Exercise description ▸ Please write out every entry below exactly, leaving out any pictures.

Supplied material ▸
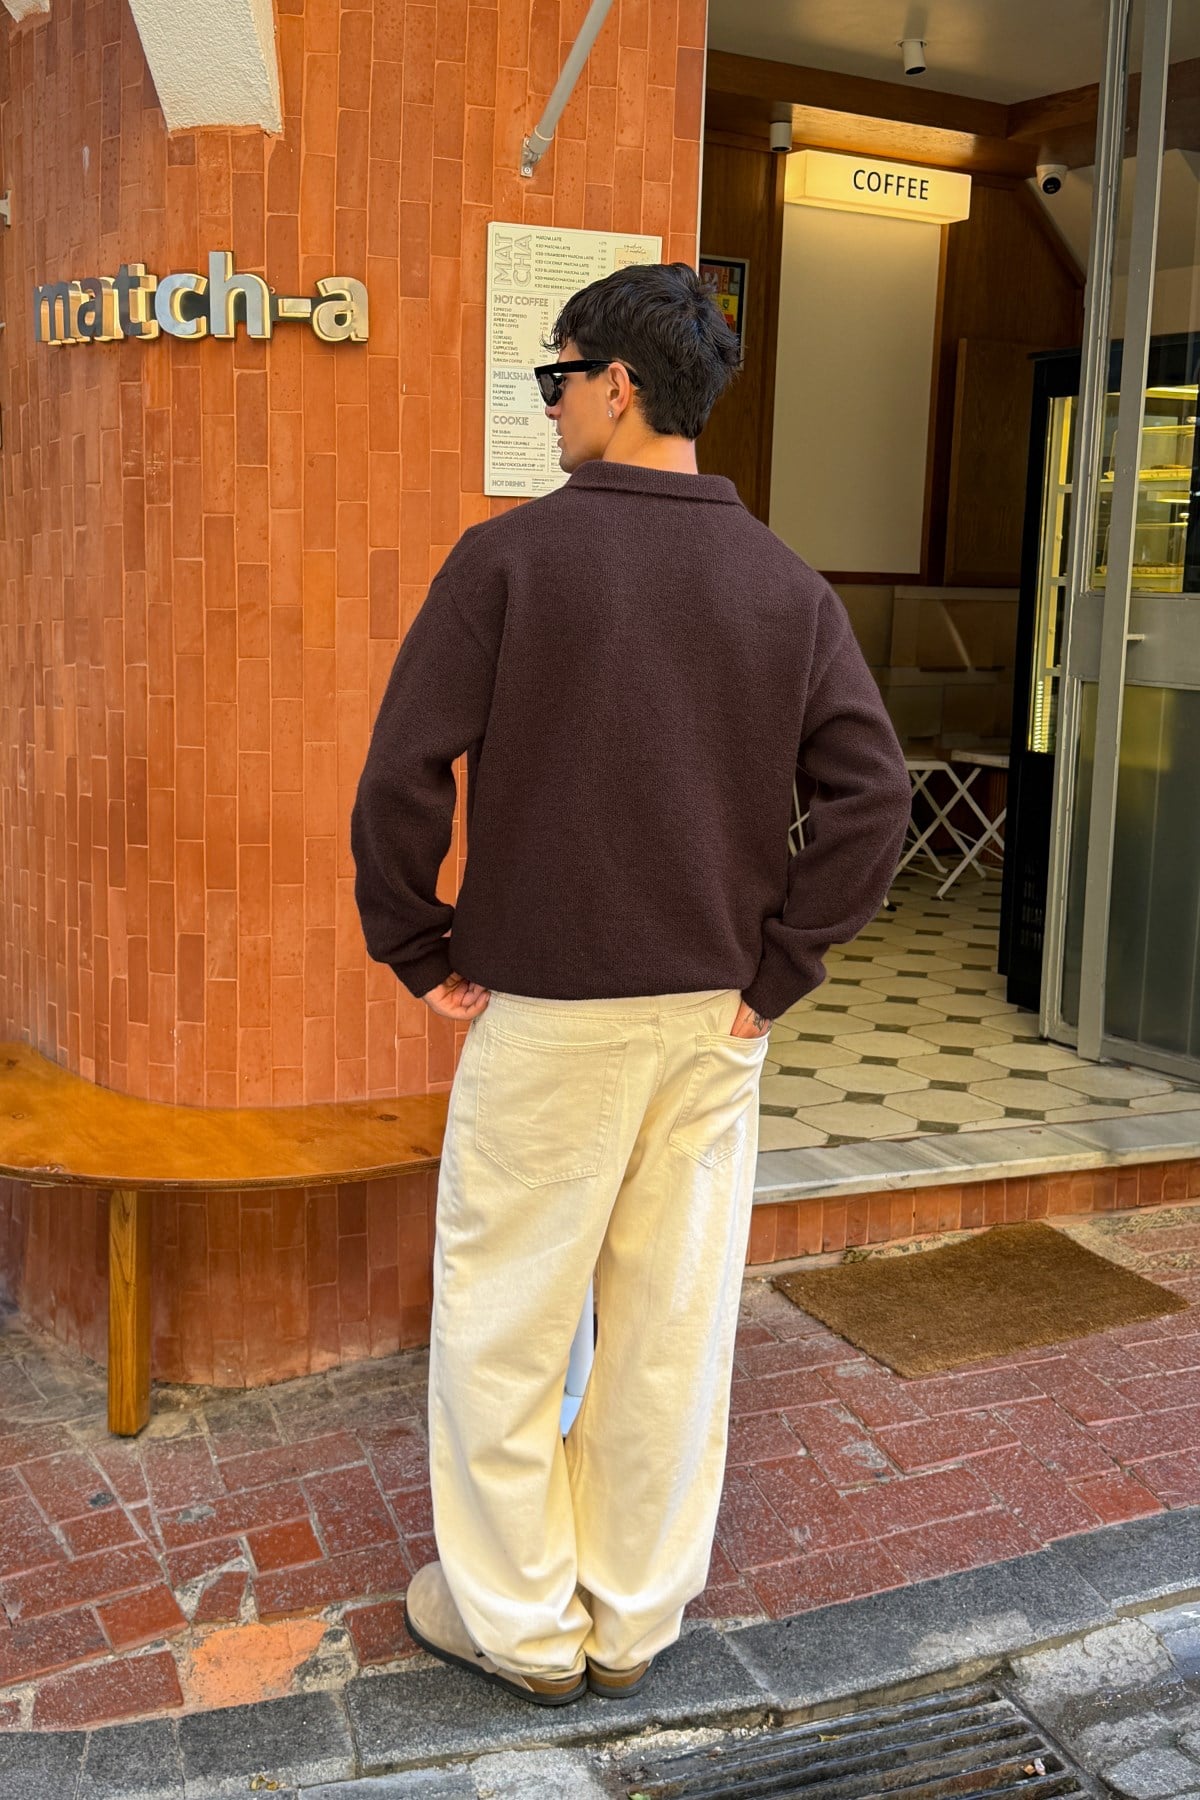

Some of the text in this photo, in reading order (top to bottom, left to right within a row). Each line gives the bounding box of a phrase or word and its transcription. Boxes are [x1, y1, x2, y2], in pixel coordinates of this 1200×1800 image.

[853, 170, 929, 200] COFFEE
[33, 250, 369, 346] match-a
[494, 295, 513, 304] HOT
[515, 296, 549, 307] COFFEE
[493, 371, 535, 381] MILKSHAK
[493, 415, 529, 426] COOKIE

Exercise response ▸
Some of the text in this photo, in reading order (top to bottom, left to right within a row). Each line gives the bounding box of a phrase or word and its transcription. Boxes are [x1, y1, x2, y2], in pixel coordinates of this 1200×1800 image.

[853, 170, 929, 200] COFFEE
[33, 250, 369, 346] match-a
[494, 295, 513, 304] HOT
[515, 296, 549, 307] COFFEE
[493, 371, 535, 381] MILKSHAK
[493, 415, 529, 426] COOKIE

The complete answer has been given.